- A large part of the French motorways is managed by private concessions.
- The latter can raise prices each year on February 1, taking into account inflation.
- To stem a new "sling" of yellow vests, the minister called on highway management companies to make a "gesture" to motorists.
- Isabelle Jarjaille, freelance journalist and author of Public services delegated to the private sector, who benefits from the deal? (Ed Yves Michel), analyzes this announcement.
For the Minister of Transport, "very significant effort". Thursday, Elisabeth Borne announced the establishment by the motorway companies of a reduction of 30% for regular drivers on this road network, whose management was sold to private companies in 2005.
This decline - which results in the launch of a new subscription for drivers who perform at least ten round trips per month - was recorded in a tense political context. On February 1st, tolls are expected to increase by 1.8%. A dreaded rise by the government fearing a new sling of "yellow vests" on the subject. Isabelle Jarjaille, an independent journalist and author of Public services delegated to the private sector, who benefits from the deal? (Ed Yves Michel), this reduction is above all a "commercial gesture" granted by the motorway companies, more than a political gesture.
How are the toll rate increases determined and why will they go up 1.8% this year to February 1st?
When the state sold the majority of its shares to these companies, they became owners of the highway management. The network still belongs to the state, but it has granted road management to these companies. In the concession contracts signed between the State, Vinci and consort, there is a very simple rule:
the tariffs of the tolls must increase each year on February 1st to 70% of the rate of the inflation.

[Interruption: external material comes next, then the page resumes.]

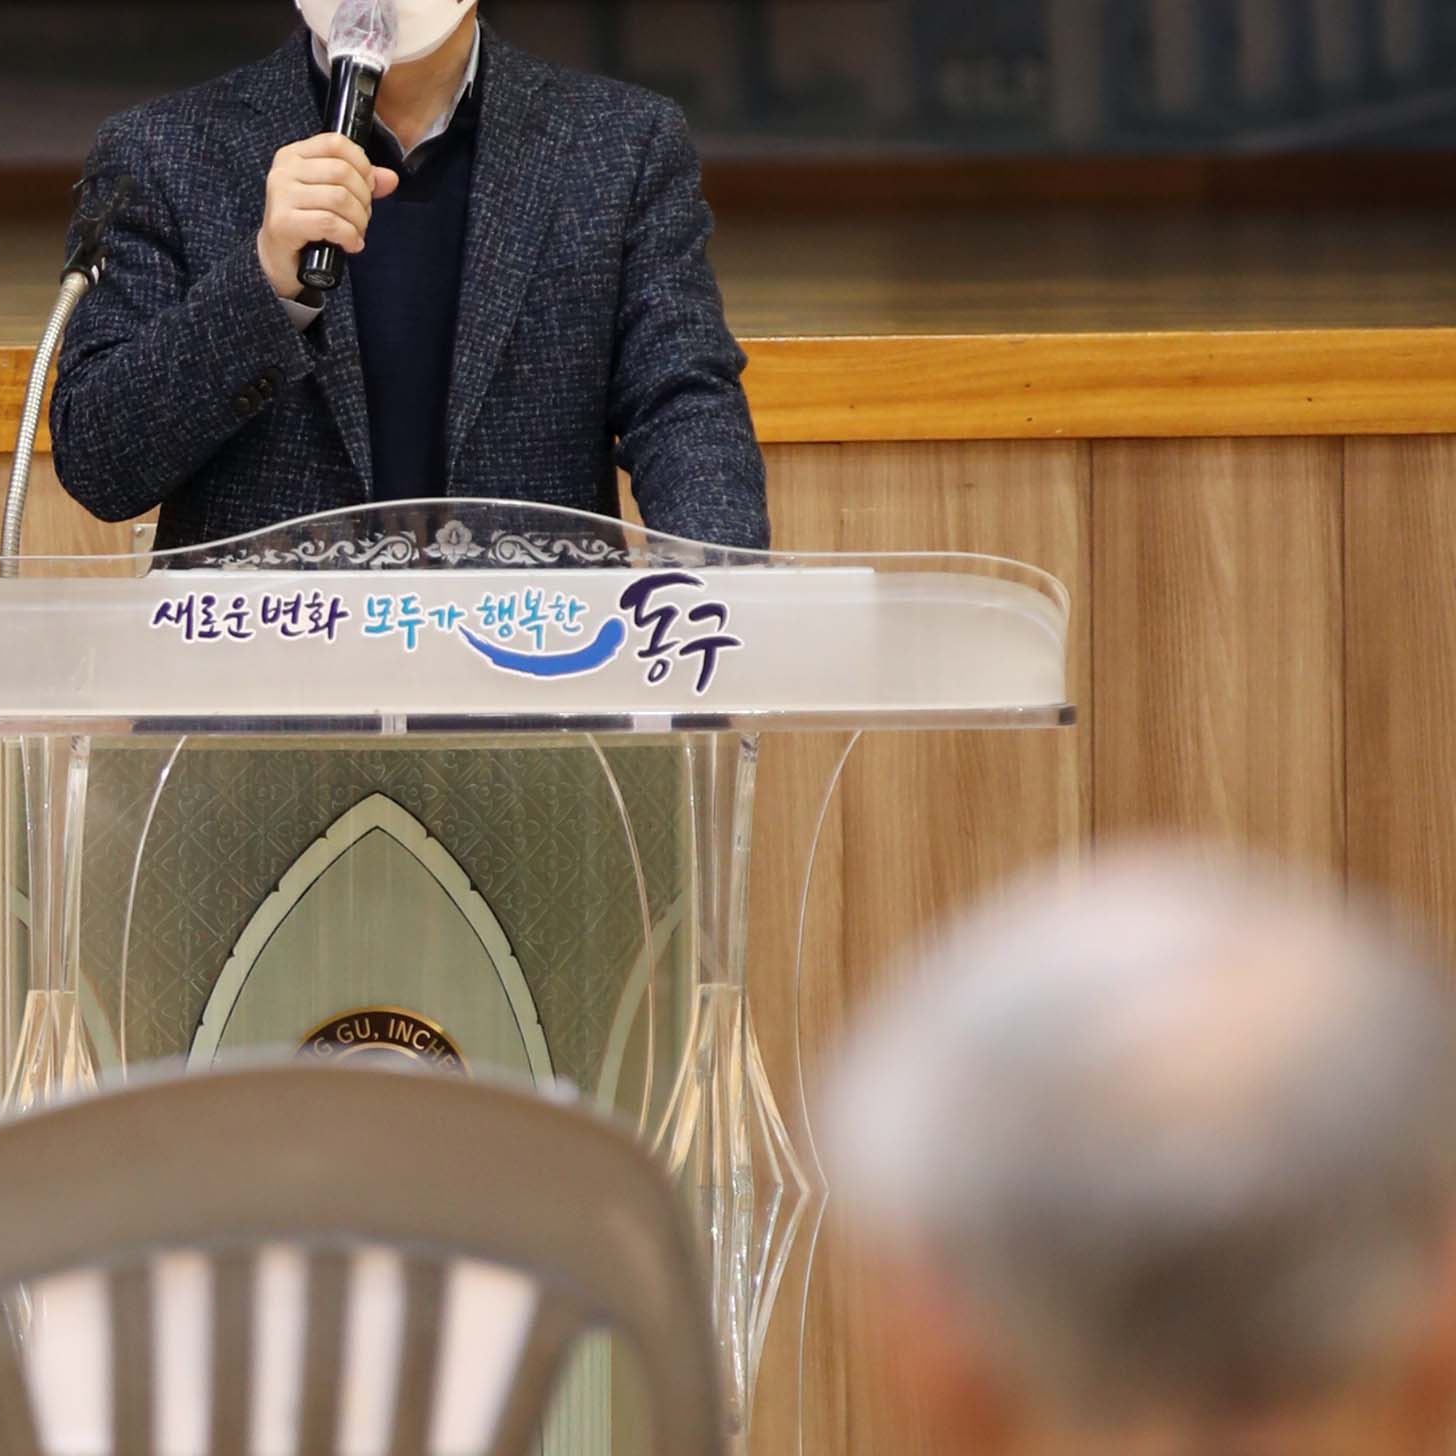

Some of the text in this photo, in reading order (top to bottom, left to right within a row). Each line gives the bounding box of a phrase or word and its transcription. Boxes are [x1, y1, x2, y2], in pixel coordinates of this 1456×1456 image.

[152, 572, 743, 693] 새로운 변화 모두가 행복한 동구
[336, 1018, 380, 1044] GU,

But is also taken into account the cost of work on the highways. These investments are paid by the tolls, never the companies pay the works with their own funds. The increase that must occur this year therefore includes inflation, the work of the highway investment plan voted in 2018 and especially the reimbursement of freezing highway rates decided by Ségolène Royal in 2015.
What is it about ?
In November 2014, a controversy over the price of tolls and rising rates bursts. Guest on RTL, Minister Ségolène Royal then announced the freezing of highway rates. Except that the state does not have the right to do it. This is specified in the contracts signed with these management companies. But the government was bound by the announcement effect of the minister and did not want to back down. So the freezing of tariffs has been validated. It was a knife in the contract, a fault.
A fault because at the exit, the reimbursement of this famous freezing of rates is reflected today (and until 2023) by an additional cost borne by users. The regulatory authority for road activities has estimated this extra cost at 500 million euros. Note that at the time, Elisabeth Borne, the current Minister of Transport, was director of Ségolène Royal's cabinet.
How do you analyze the announcement of the Minister of Transport a reduction of 30% for regular motorists?
It's a game of fools. It has been two months since the government tried, in the context of the mobilization of "yellow vests", to make it appear that it has the means to act in the face of rising highway rates. However, the state has no leverage. If the motorway management companies - Vinci, Eiffage or Abertis - have agreed to
to set up this reduction of tariffs by 30% is because they see it as an economic interest. This is a commercial offer, that is to say a new subscription intended for regular highway users. This decline obviously does not apply to all users.
Subscriptions have many advantages, which helps to keep drivers loyal and reduce costs. Regular motorists who will be eligible for this discounted rate pass will receive a badge for the electronic toll service. E-tolls are less technical constraints and less staffing. This decision is nothing more than a commercial gesture of private companies, and not a political gesture.
The Minister of Transport has ruled out any buy-back by the state of these companies, explaining that it would cost 50 billion euros to the state. Where does this figure come from?
This figure is taken from the report of a parliamentary committee set up in 2014 on the role of motorways in financing transport infrastructure. A study had been requested by the parliamentarians to estimate the cost of a purchase of these concessions by the State. As contracts with companies run until 2036, this means that the state should pay compensation if it decides to buy these companies before the end of the contracts. The study then quantified the cost of these benefits between 25 and 60 billion euros.
It's a cost but it's mostly a long-term political choice. The average margin achieved by the motorway companies was 34.7% in 2017. That's huge. In comparison, CAC 40 companies - which are doing relatively well - achieve an average margin of 6%. If we look at the amount of the costs and what that brings back, we are entitled to ask the question of a purchase by the State.
Admittedly, it would cost between 25 and 60 billion, but in view of the profitability of the activity, this amount could be repaid in just 10 years and the revenue could then fall back into the coffers of the state. This is a real political issue and it should be on the agenda.